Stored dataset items
[Start of section]
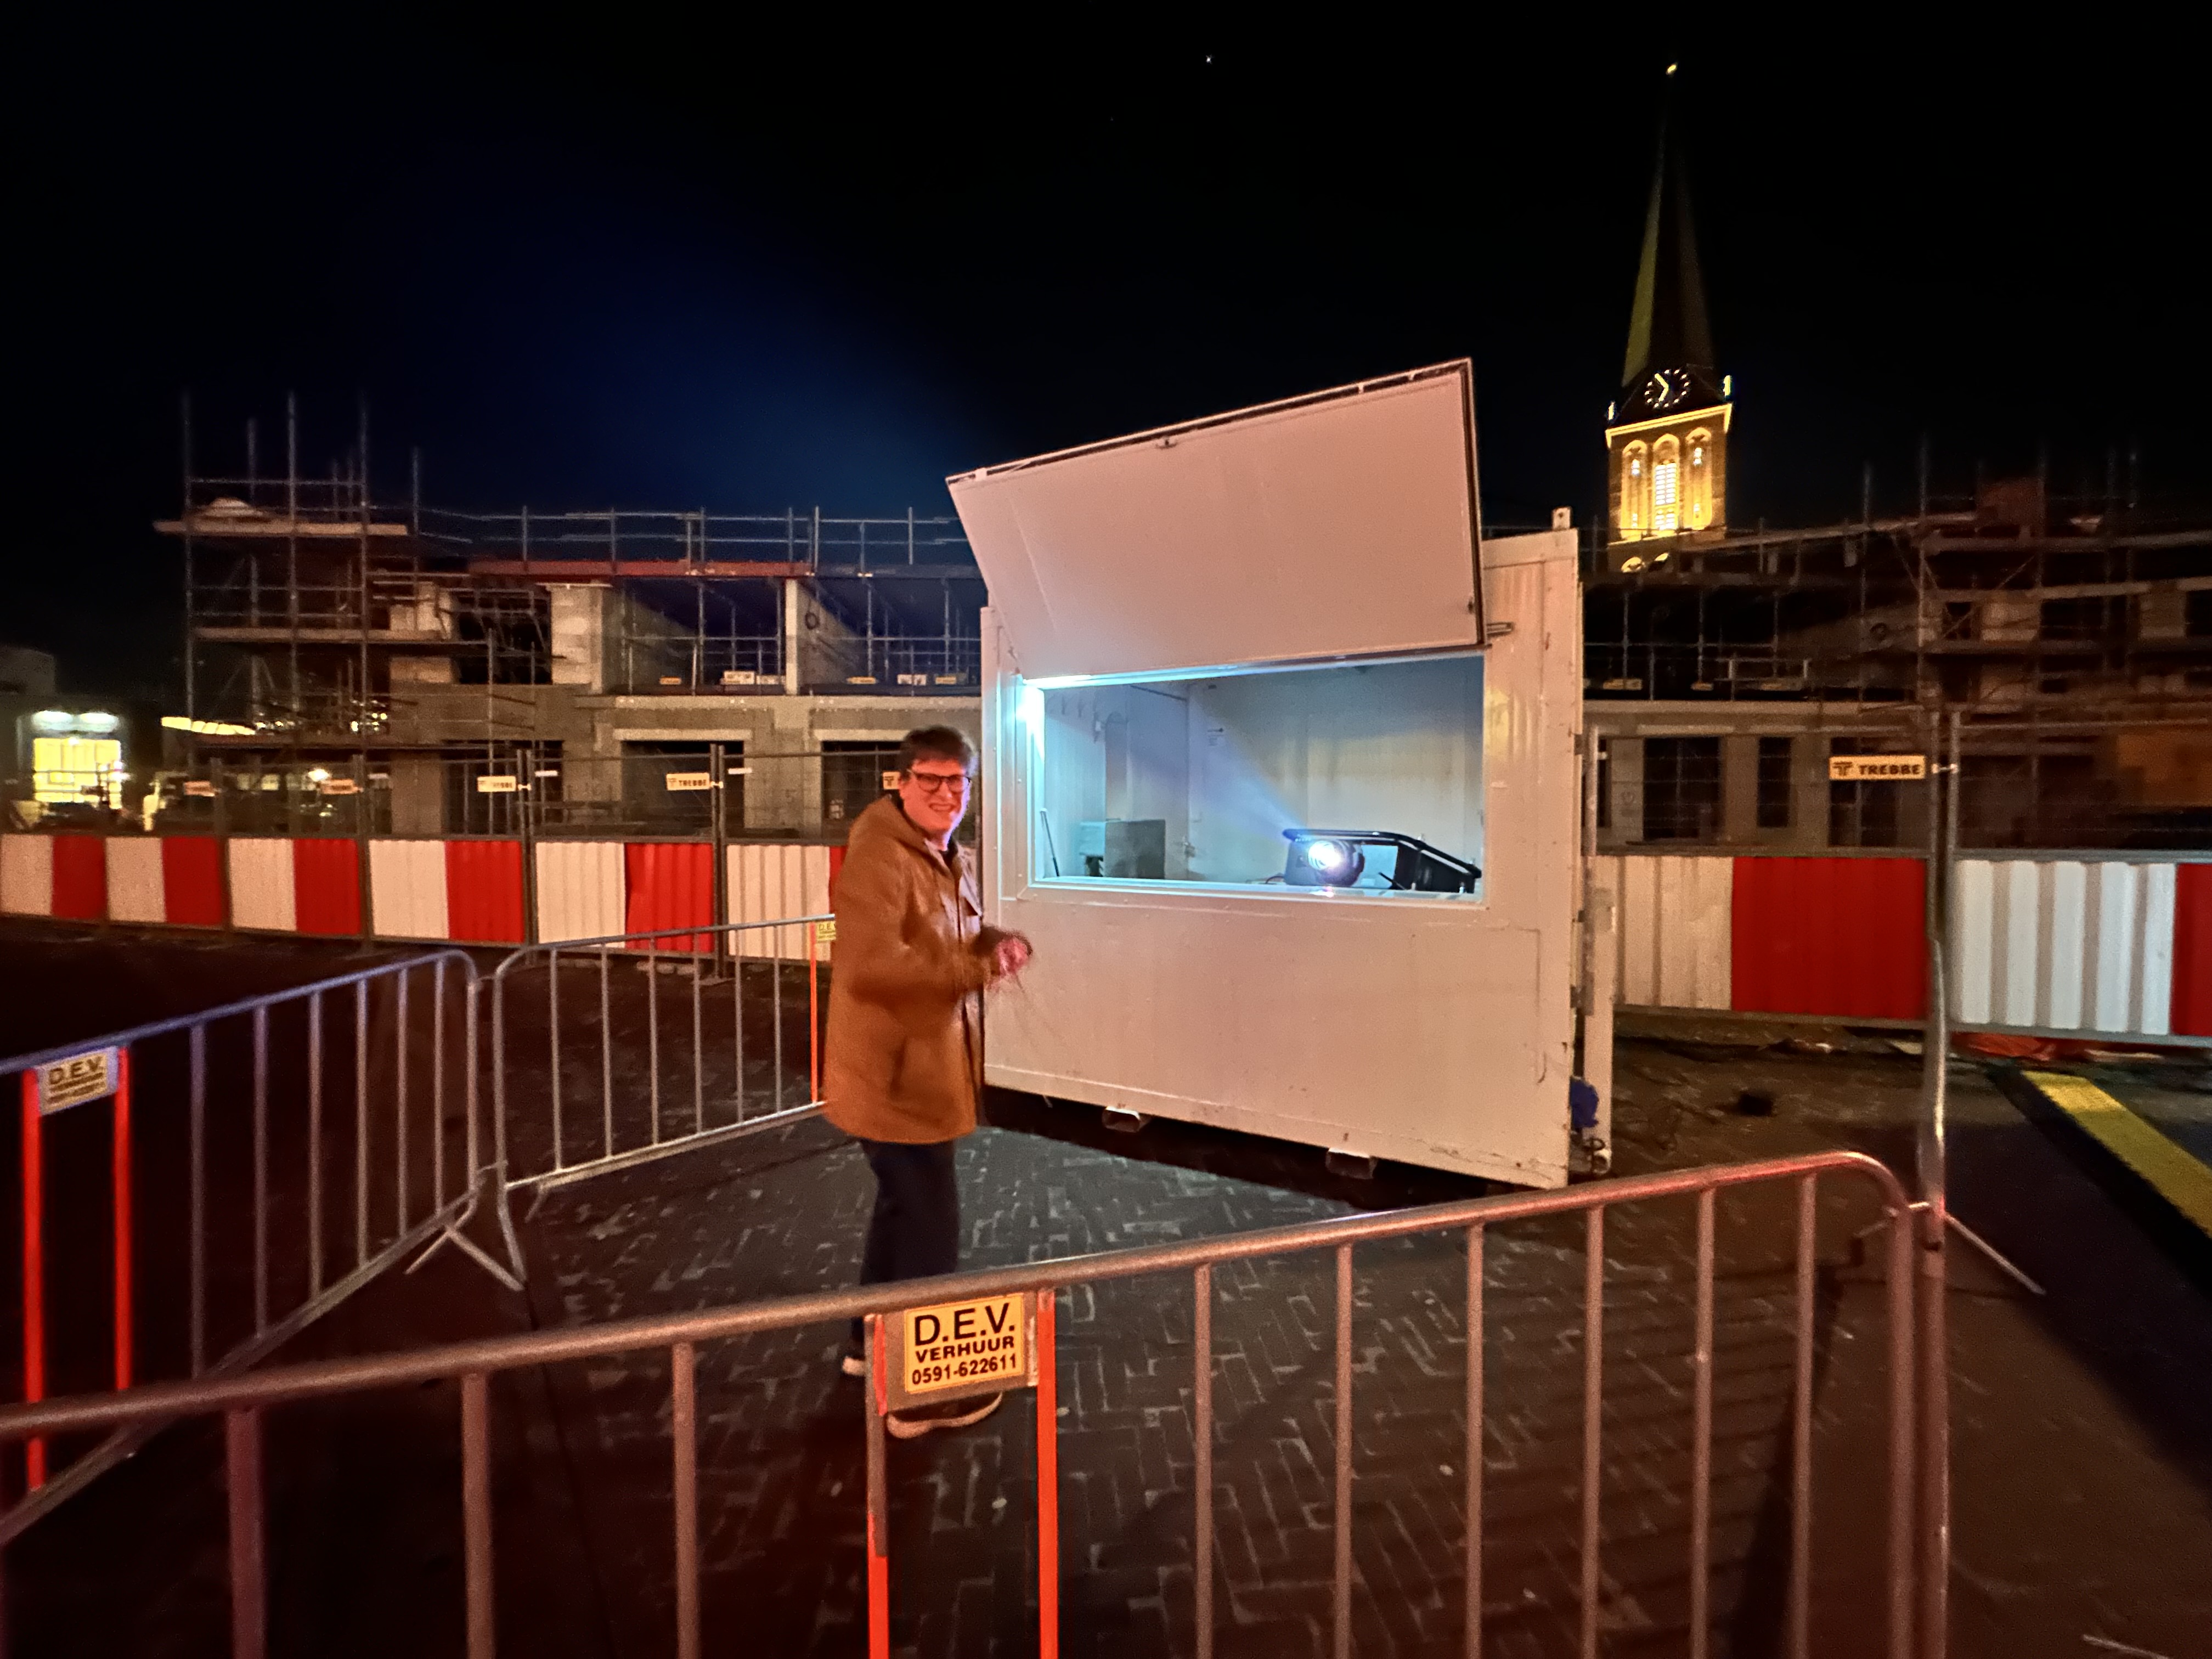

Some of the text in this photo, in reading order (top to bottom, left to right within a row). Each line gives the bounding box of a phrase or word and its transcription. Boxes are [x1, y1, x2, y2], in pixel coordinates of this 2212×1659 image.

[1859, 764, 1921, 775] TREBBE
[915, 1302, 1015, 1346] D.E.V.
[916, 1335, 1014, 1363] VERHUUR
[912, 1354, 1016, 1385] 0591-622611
[End of section]
Retype the records above exactly. Leave the pictures out.

Some of the text in this photo, in reading order (top to bottom, left to right within a row). Each line gives the bounding box of a phrase or word and its transcription. Boxes are [x1, y1, x2, y2], in pixel coordinates of this 2212×1659 image.

[1859, 764, 1921, 775] TREBBE
[915, 1302, 1015, 1346] D.E.V.
[916, 1335, 1014, 1363] VERHUUR
[912, 1354, 1016, 1385] 0591-622611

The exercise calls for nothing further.